Stone artifacts represent the most enduring record of human behavioral evolution currently known. Stone artifact form is a key feature to understanding the abilities of human ancestors. Over the past decade, digital reconstructions of artifacts made possible by advanced computer technology have greatly expanded our ability to quantify key features of human behavior. Increased standardization of analysis has also improved global comparisons of artifact morphology through time.
Recently, lithic studies have begun to be based on measurements of 3D models instead of on the original artifacts. Despite the enthusiasm for these new techniques, little research has been conducted on the differences between digital reconstructions and actual artifacts. The objective of this project is to quantify the advantages and disadvantages of photogrammetry and laser scanning 3D modeling technology.
Here, we capture 3D models of experimentally produced stone artifacts using two techniques: multiple image photogrammetry and 3D laser scanning.
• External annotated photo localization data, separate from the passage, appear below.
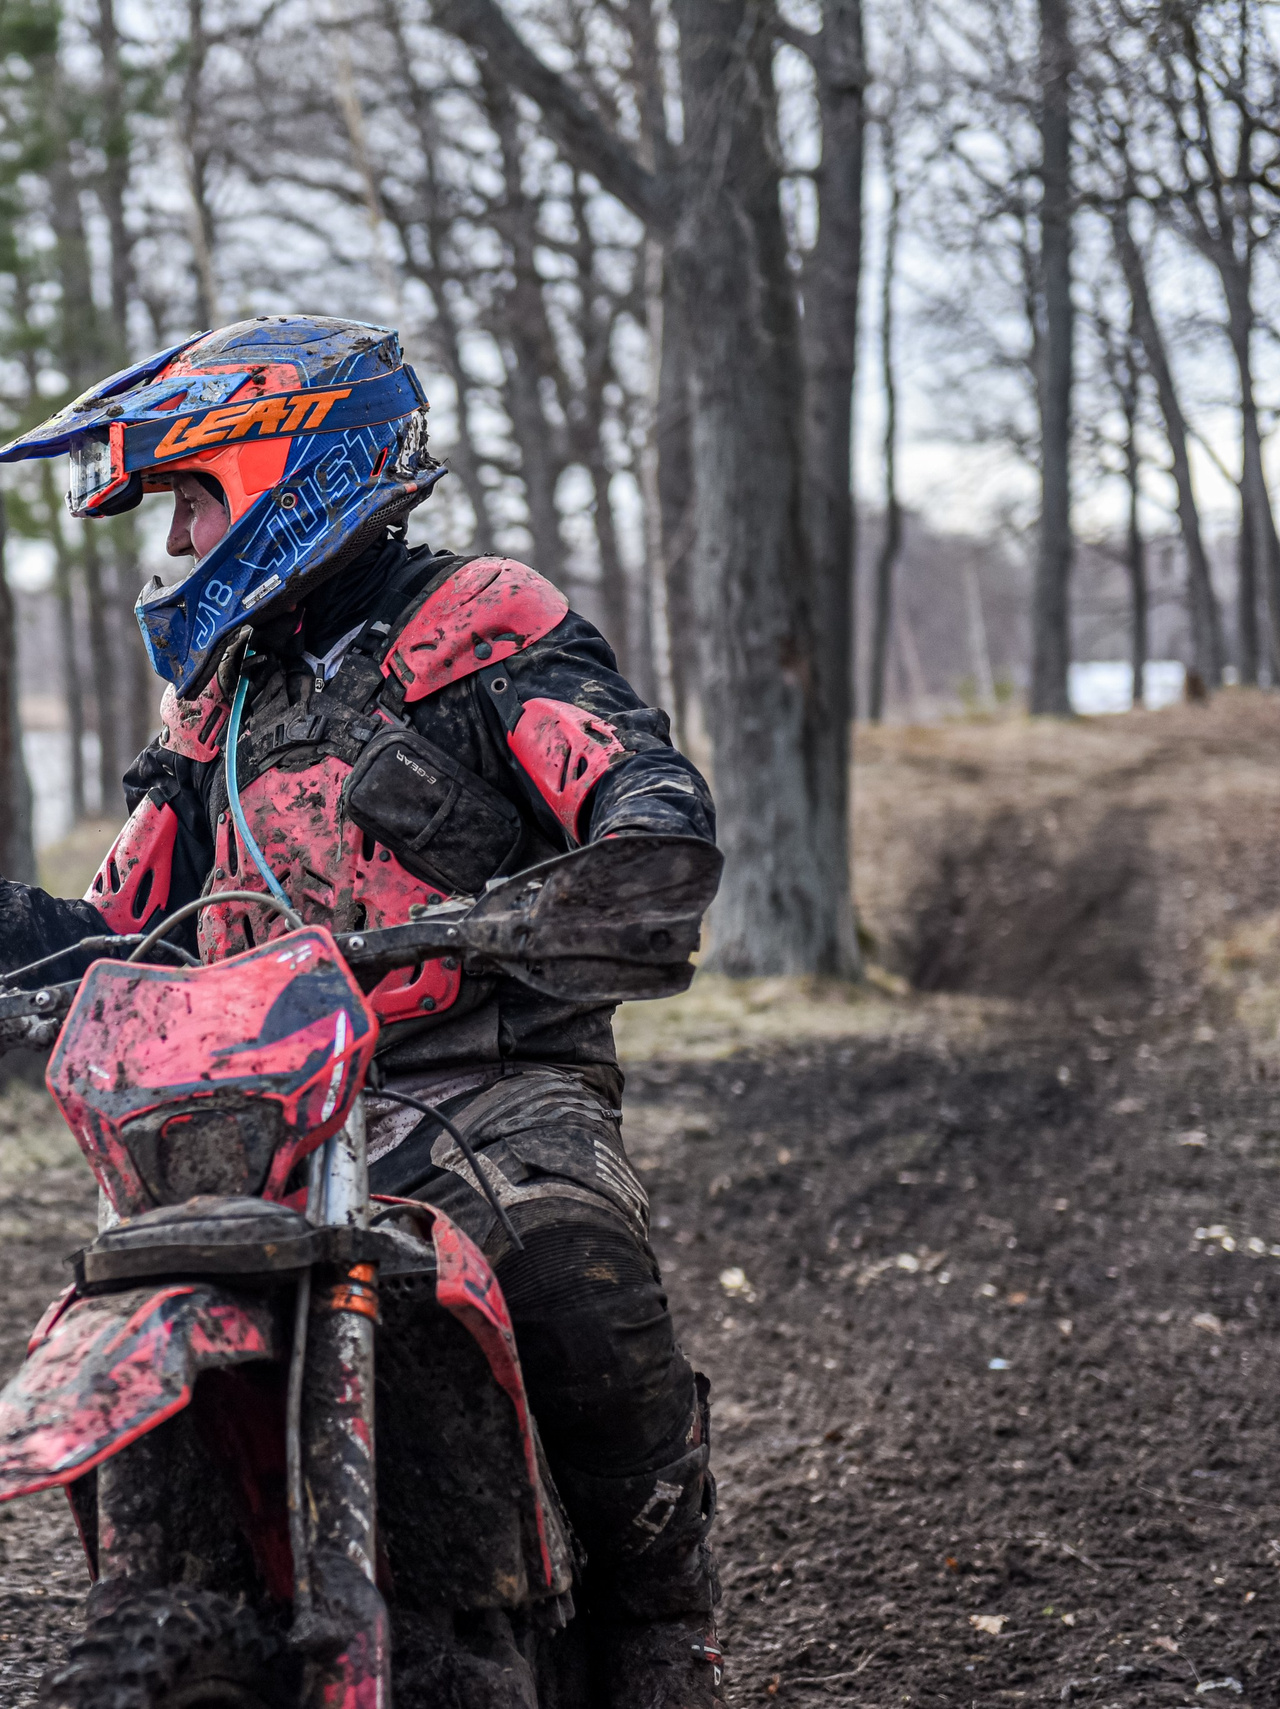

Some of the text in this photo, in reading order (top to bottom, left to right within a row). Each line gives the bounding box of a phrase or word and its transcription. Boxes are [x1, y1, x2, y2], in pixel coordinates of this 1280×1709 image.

[153, 388, 353, 459] LEATT
[195, 579, 233, 650] J18
[396, 749, 437, 785] E-GEAR
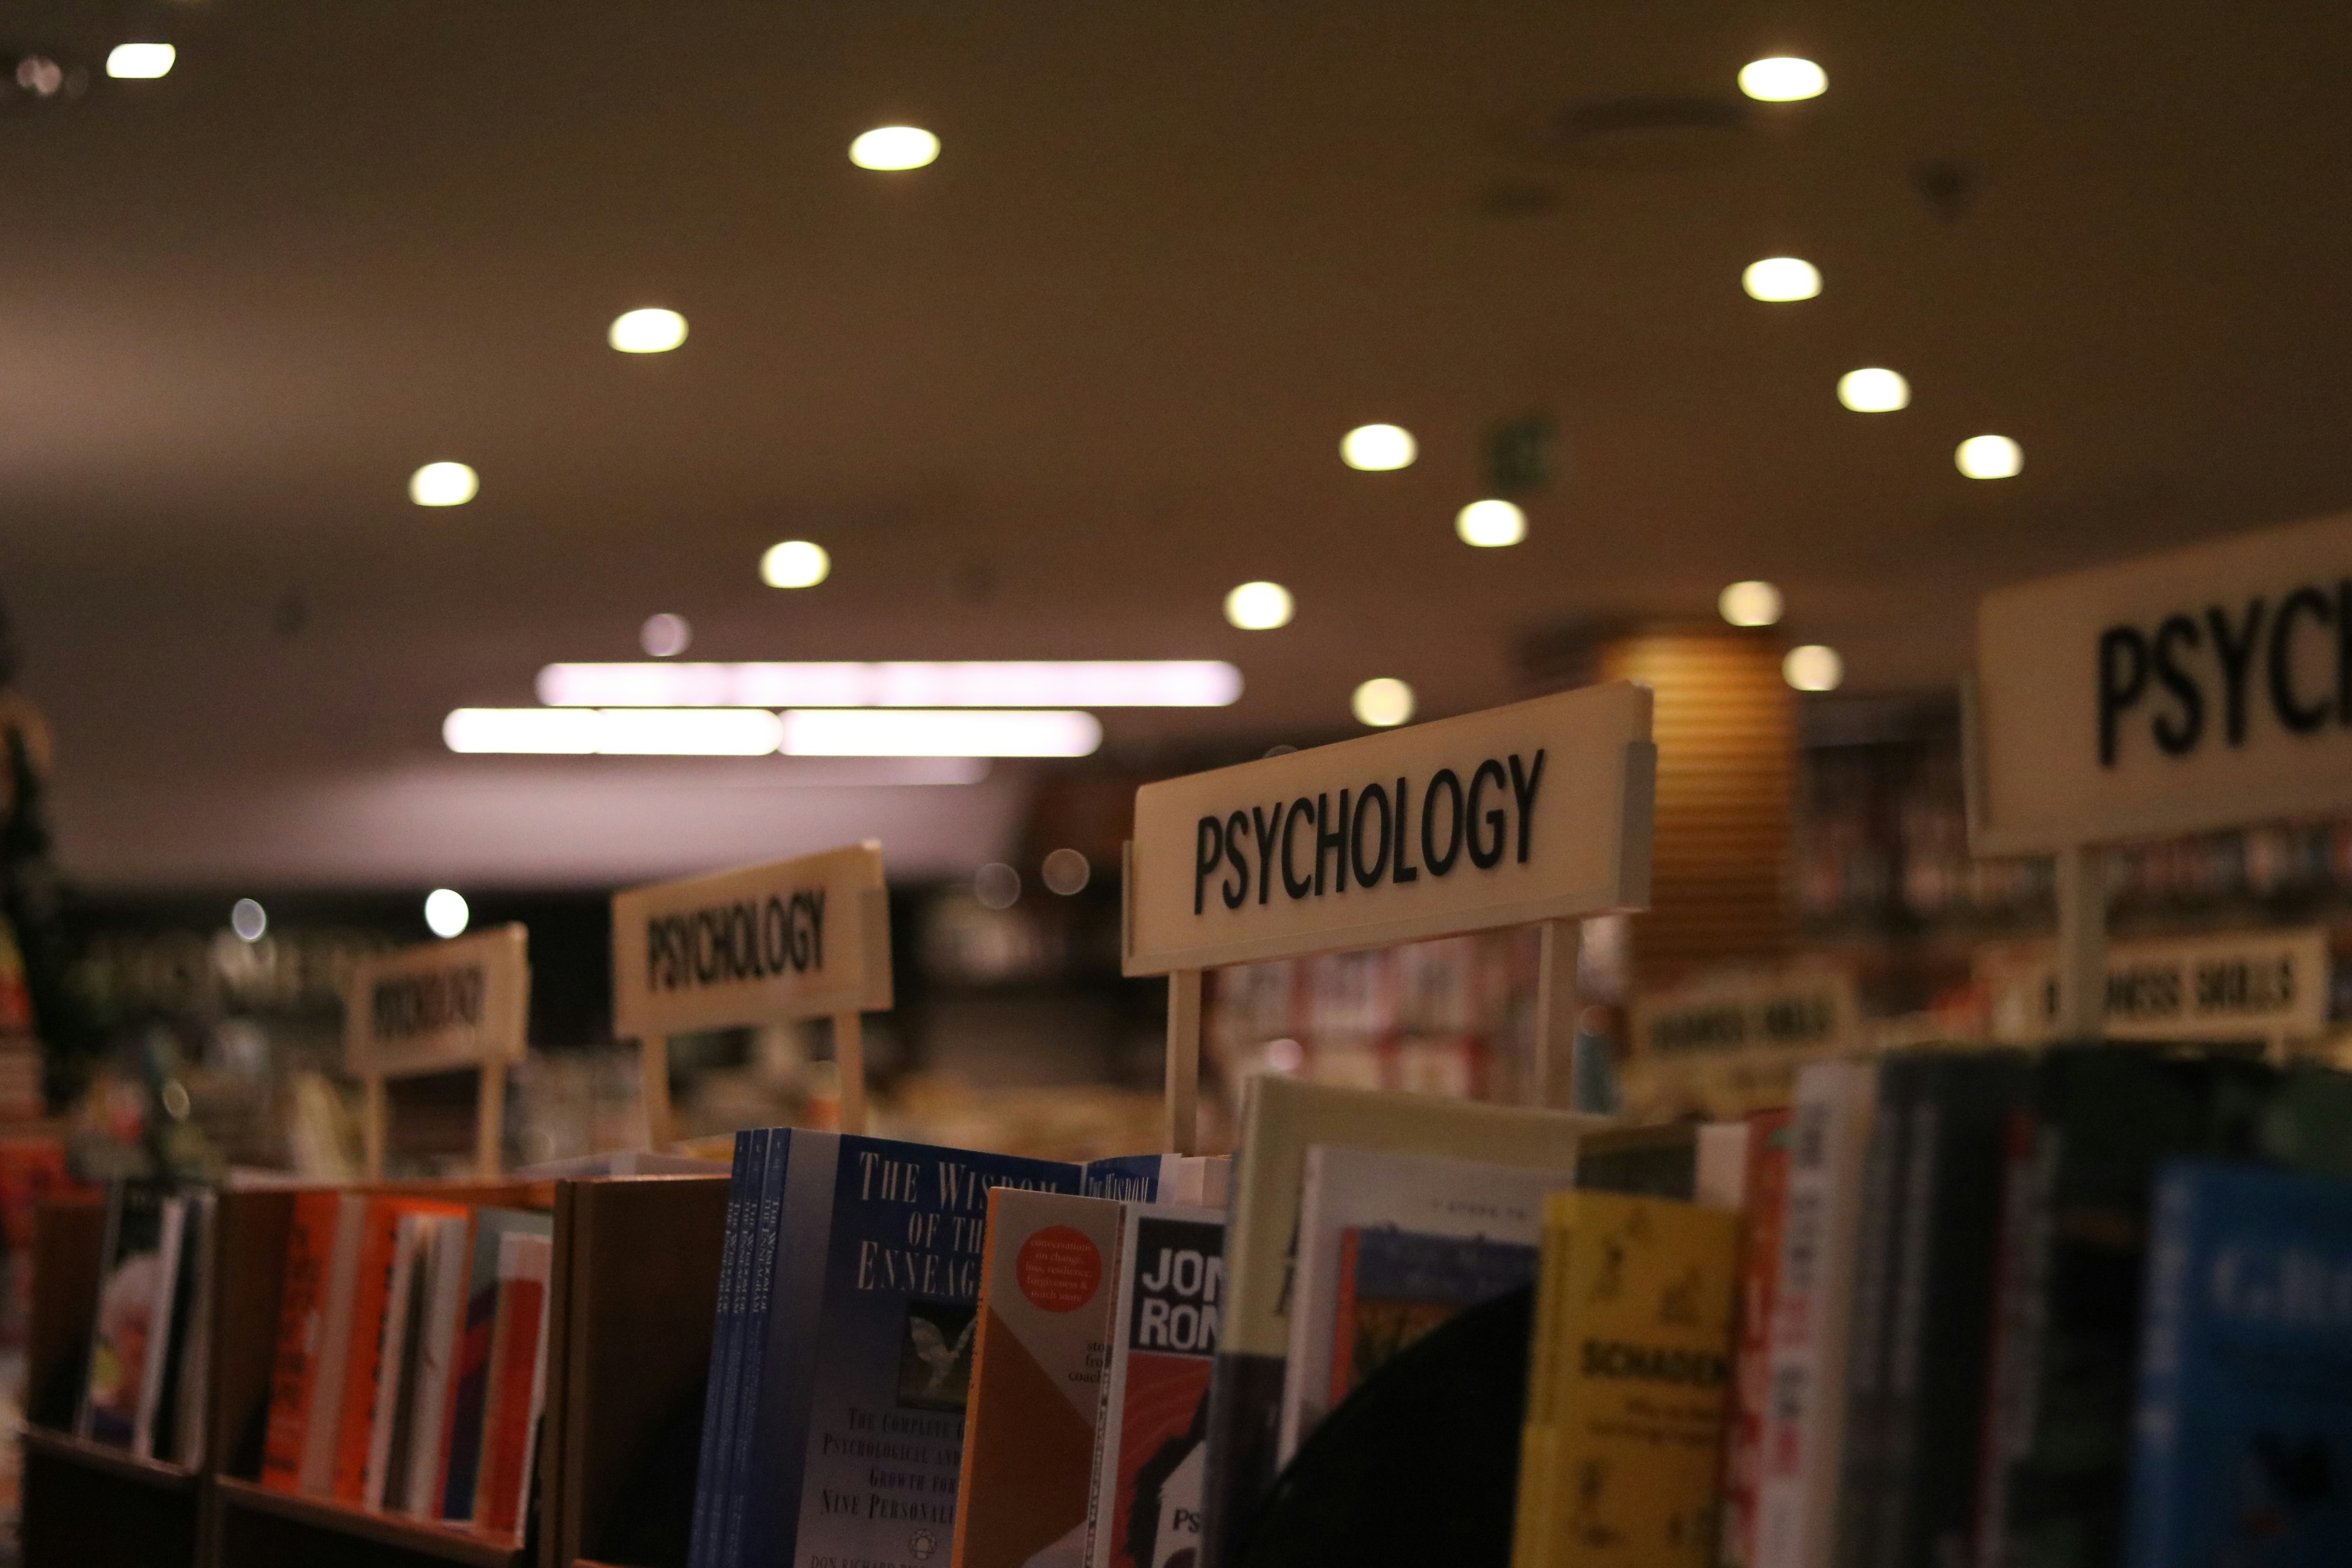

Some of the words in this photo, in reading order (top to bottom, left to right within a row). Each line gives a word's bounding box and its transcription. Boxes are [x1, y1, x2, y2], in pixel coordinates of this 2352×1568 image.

[1194, 749, 1544, 915] PSYCHOLOGY
[648, 884, 825, 993] PSYCHOLOGY
[860, 1151, 921, 1203] THE
[937, 1159, 1057, 1211] WIS
[907, 1211, 941, 1249] OF
[952, 1216, 985, 1255] TH
[1030, 1240, 1092, 1251] conversations
[858, 1240, 978, 1298] ENNEAG
[1027, 1275, 1078, 1288] forgiveness
[1080, 1281, 1087, 1289] &
[1031, 1290, 1059, 1299] much
[1139, 1298, 1217, 1351] RON
[1085, 1353, 1103, 1368] fro
[1087, 1341, 1105, 1353] sto
[848, 1407, 876, 1431] THE
[881, 1413, 950, 1438] COMPLETE
[822, 1432, 929, 1464] PSYCHOLOGICAL
[936, 1449, 961, 1467] AND
[869, 1466, 926, 1492] GROWTH
[931, 1476, 956, 1495] FOR
[820, 1488, 861, 1515] NINE
[868, 1493, 954, 1525] PERSONALI
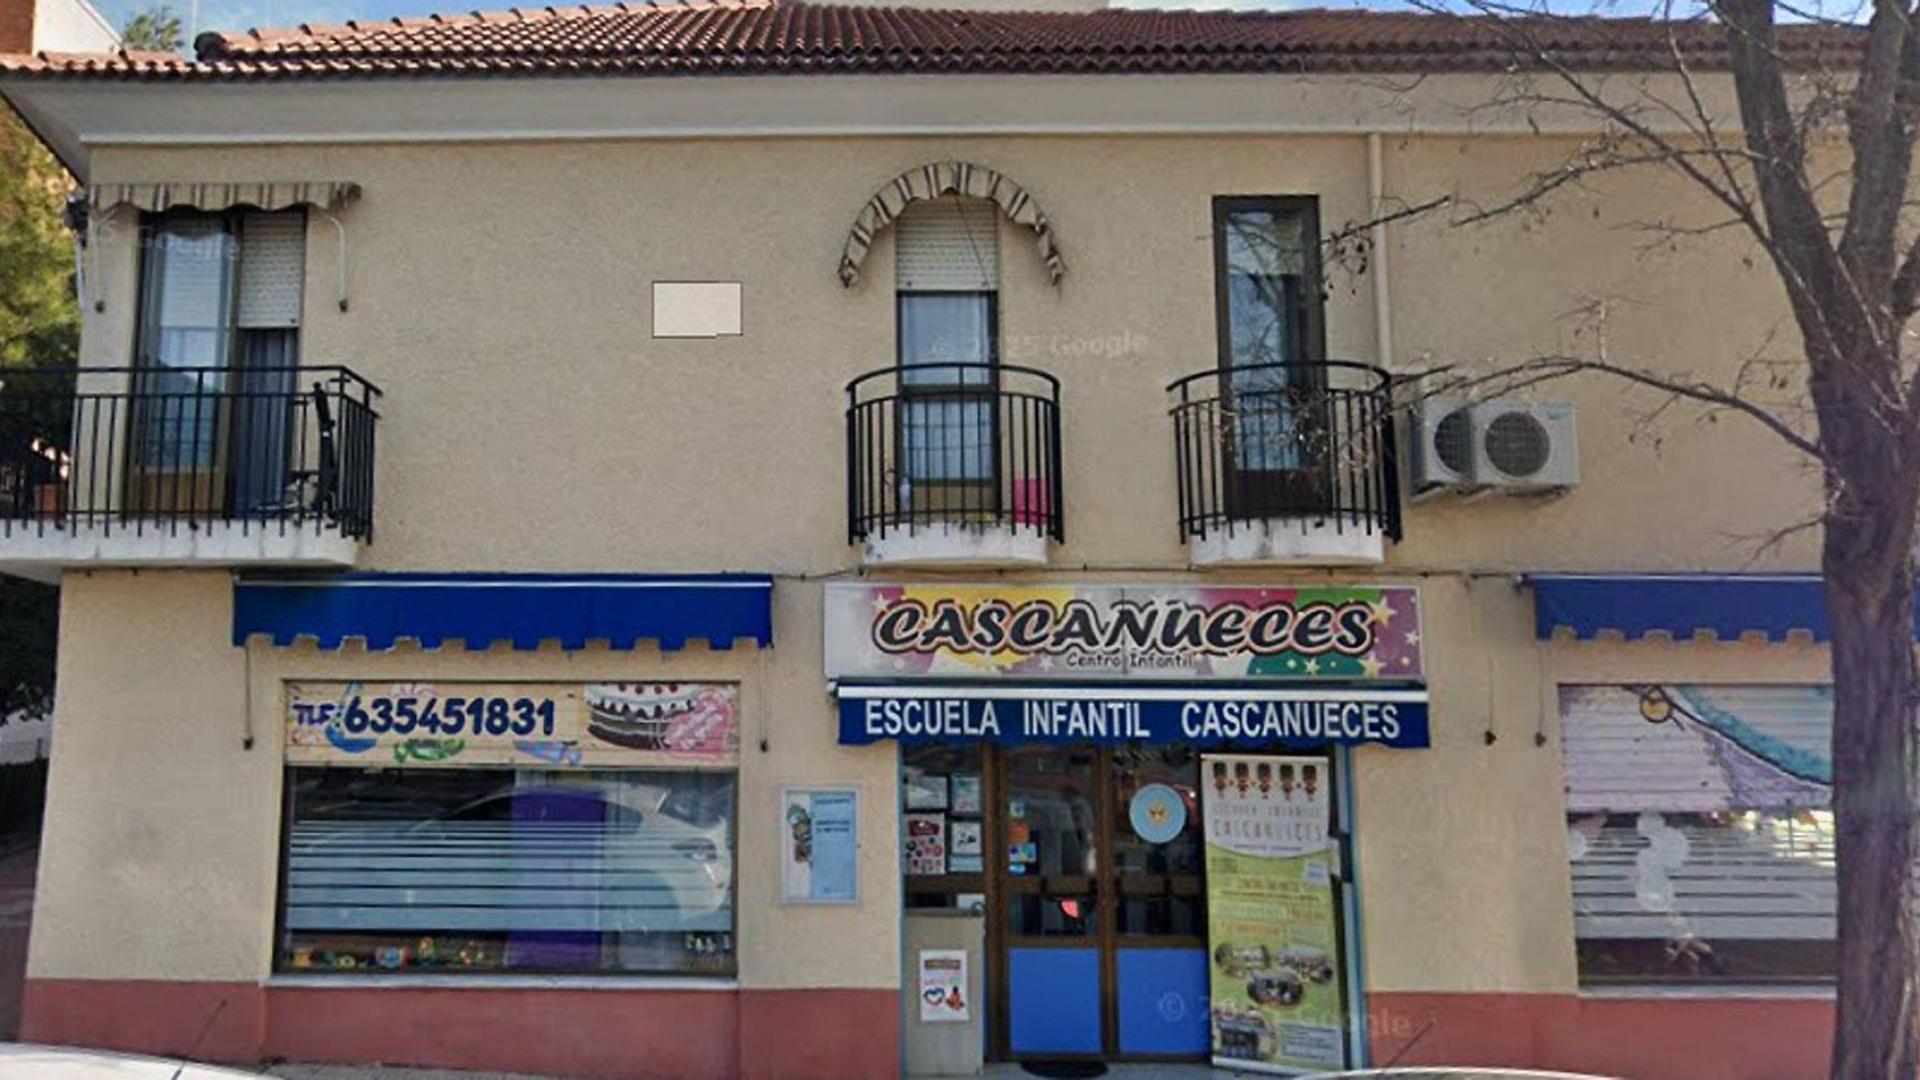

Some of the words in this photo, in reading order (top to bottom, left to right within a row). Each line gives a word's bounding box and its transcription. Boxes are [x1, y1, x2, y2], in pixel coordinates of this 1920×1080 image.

[873, 600, 1376, 657] CASCANUECES
[1066, 652, 1121, 667] Centro
[1129, 652, 1196, 668] Infantil
[345, 696, 555, 735] 635451831
[866, 700, 999, 735] ESCUELA
[1024, 701, 1150, 738] INFANTIL
[1182, 703, 1400, 740] CASCANUECES
The accuracy of these two types of digital modeling is tested through comparisons with standard digital caliper measurements. The artifacts were made in two materials: basalt and obsidian, selected because they represent different degrees of surface reflectance.
Pairwise comparisons between the two techniques also demonstrate significant differences for some measures. In particular, modeling technique and material chosen can have an impact on model accuracy: obsidian is slightly more accurately modeled by photogrammetry and basalt is slightly more accurately modeled by laser scanning, however both methods are imperfect. This calls into question some recent studies that have used 3D models. Here, we review the strengths of the different methodologies and provide recommendations for future use of 3D modeling in archaeology.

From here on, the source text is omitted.